**Work instruction**
Write the listing out again word for word. Pictures do not belong in the copy.

★ ★ ★ ★

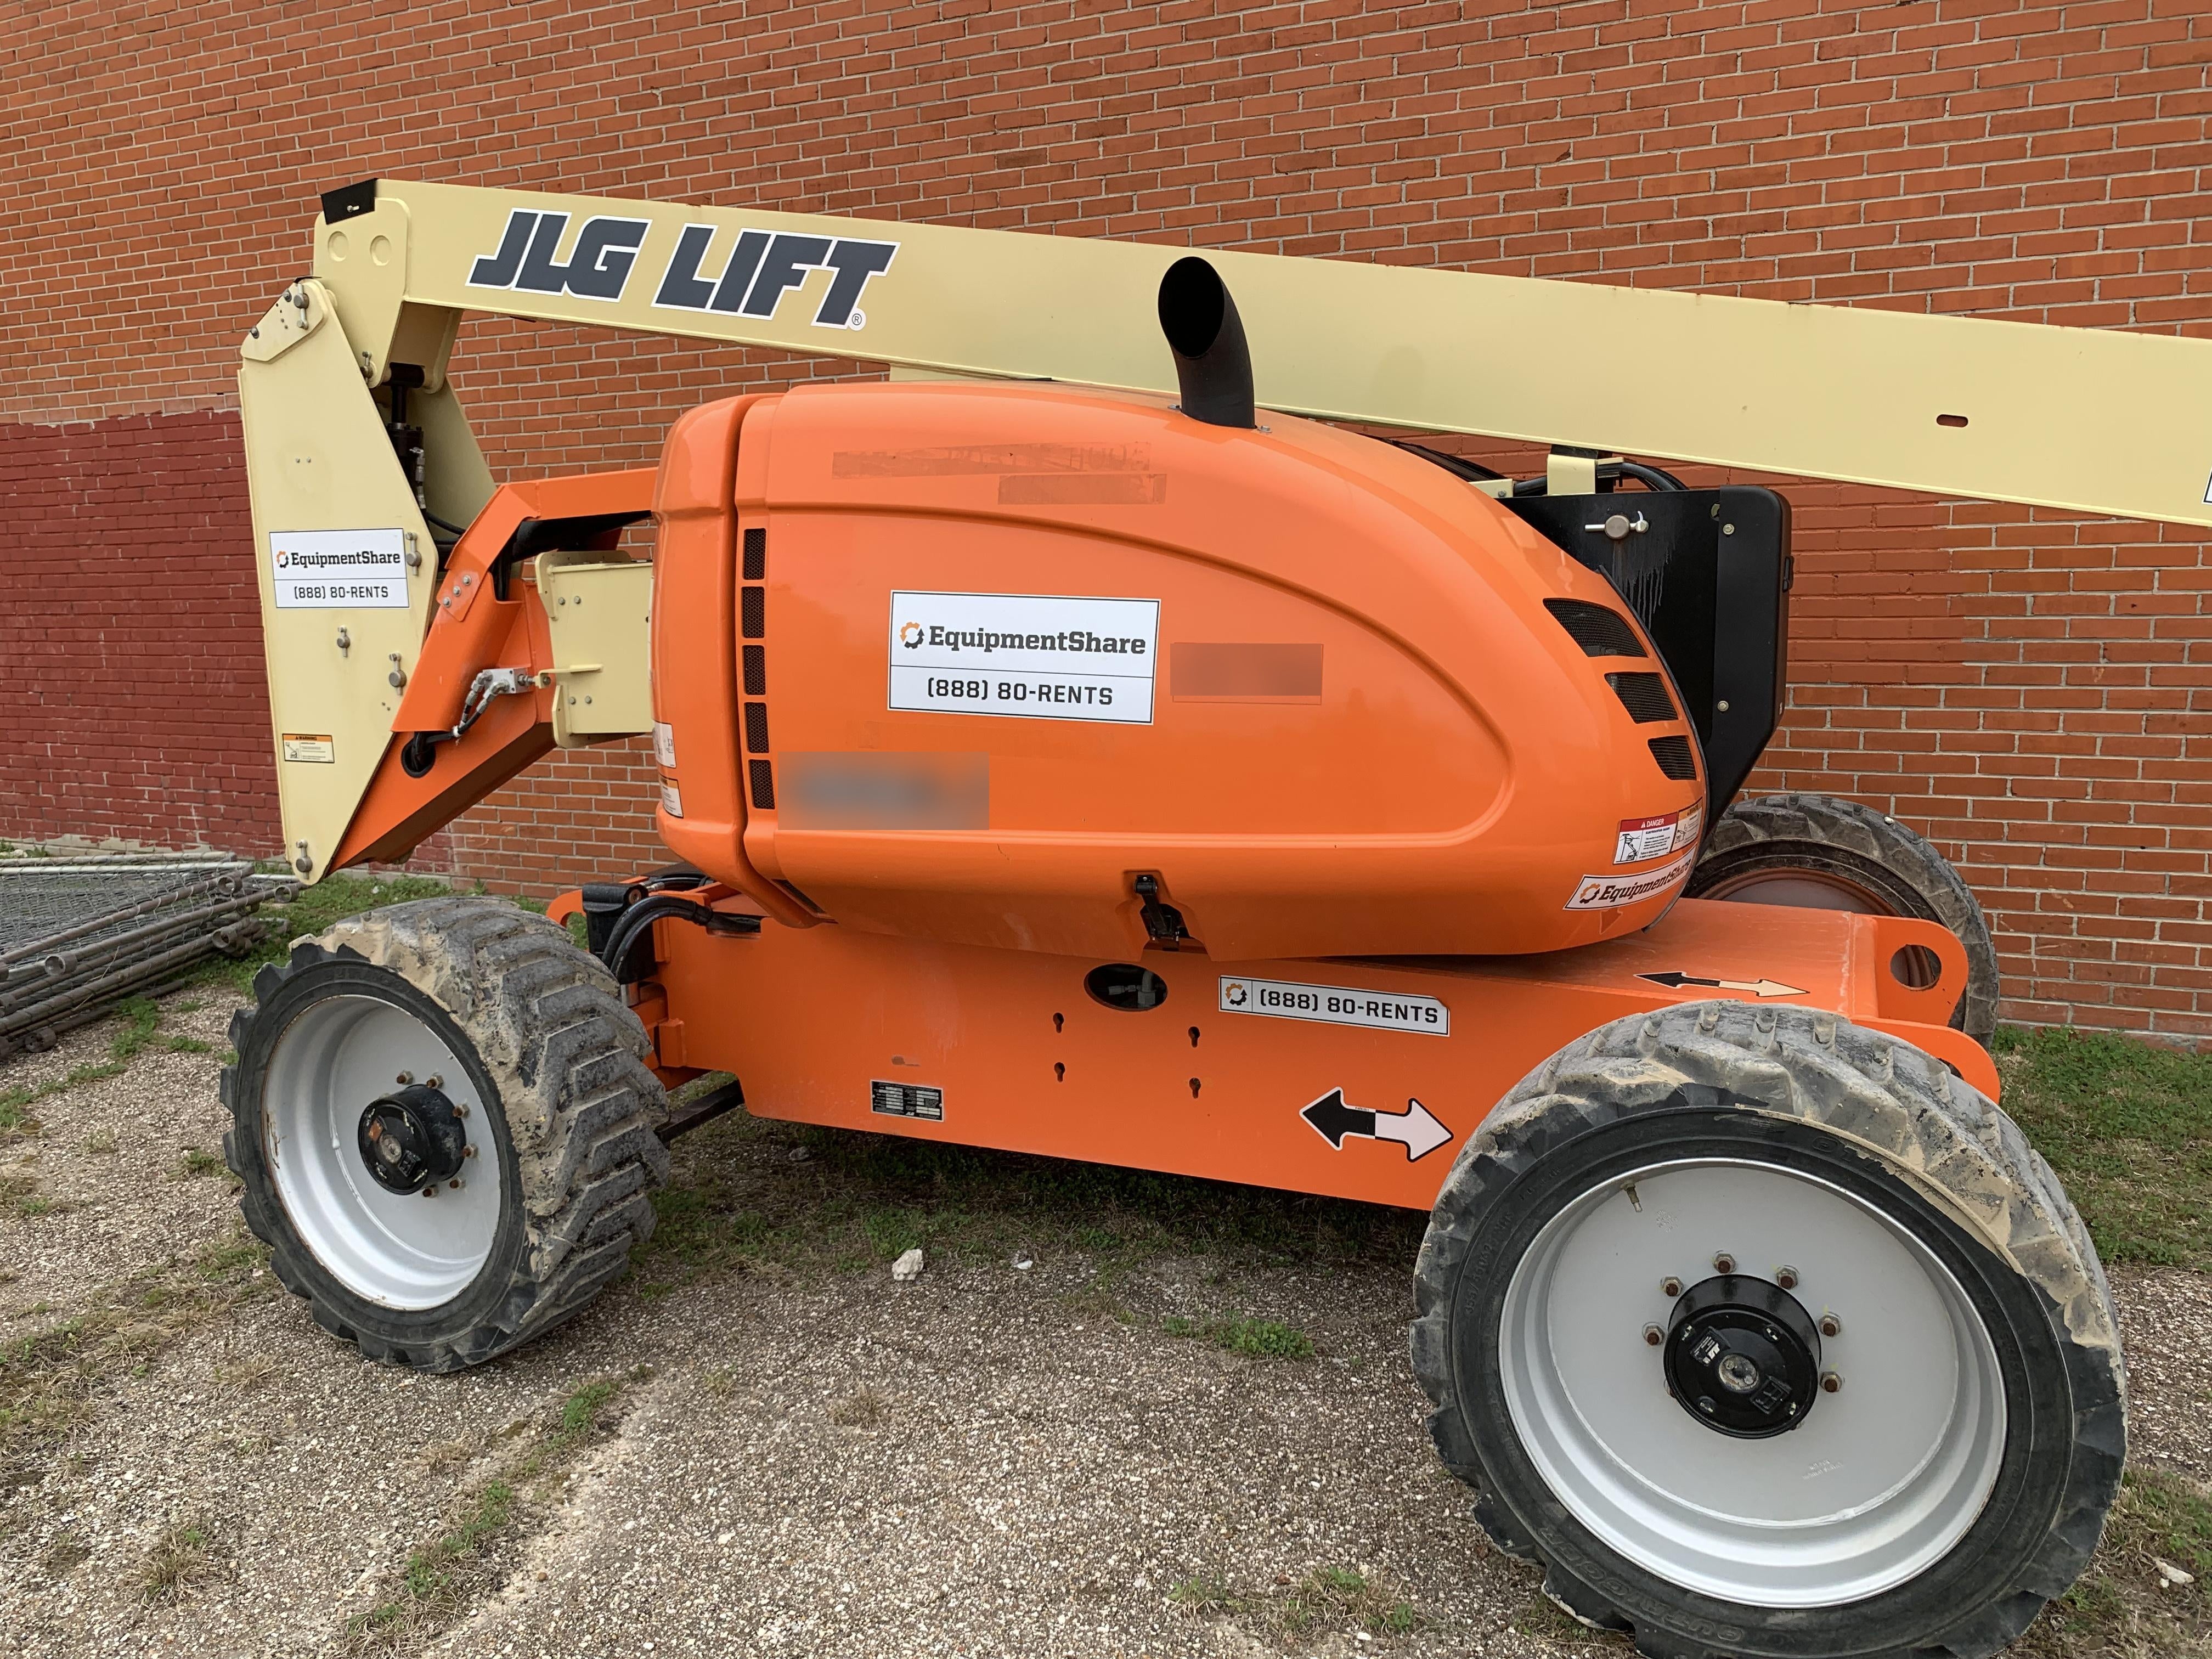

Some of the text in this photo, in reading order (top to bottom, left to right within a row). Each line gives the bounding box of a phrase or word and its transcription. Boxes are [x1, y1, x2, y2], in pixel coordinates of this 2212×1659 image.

[467, 209, 651, 301] JLG
[291, 551, 400, 568] EquipmentShare
[294, 586, 388, 599] (888) 80-RENTS
[929, 626, 1146, 654] EquipmentShare
[927, 678, 1113, 706] (888) 80-RENTS
[1646, 818, 1664, 827] DANGER
[1260, 989, 1438, 1024] (888) 80-RENTS

★ ★ ★ ★

**Written solution**
Some of the text in this photo, in reading order (top to bottom, left to right within a row). Each line gives the bounding box of a phrase or word and its transcription. Boxes are [x1, y1, x2, y2], in pixel coordinates of this 2212×1659 image.

[467, 209, 651, 301] JLG
[291, 551, 400, 568] EquipmentShare
[294, 586, 388, 599] (888) 80-RENTS
[929, 626, 1146, 654] EquipmentShare
[927, 678, 1113, 706] (888) 80-RENTS
[1646, 818, 1664, 827] DANGER
[1260, 989, 1438, 1024] (888) 80-RENTS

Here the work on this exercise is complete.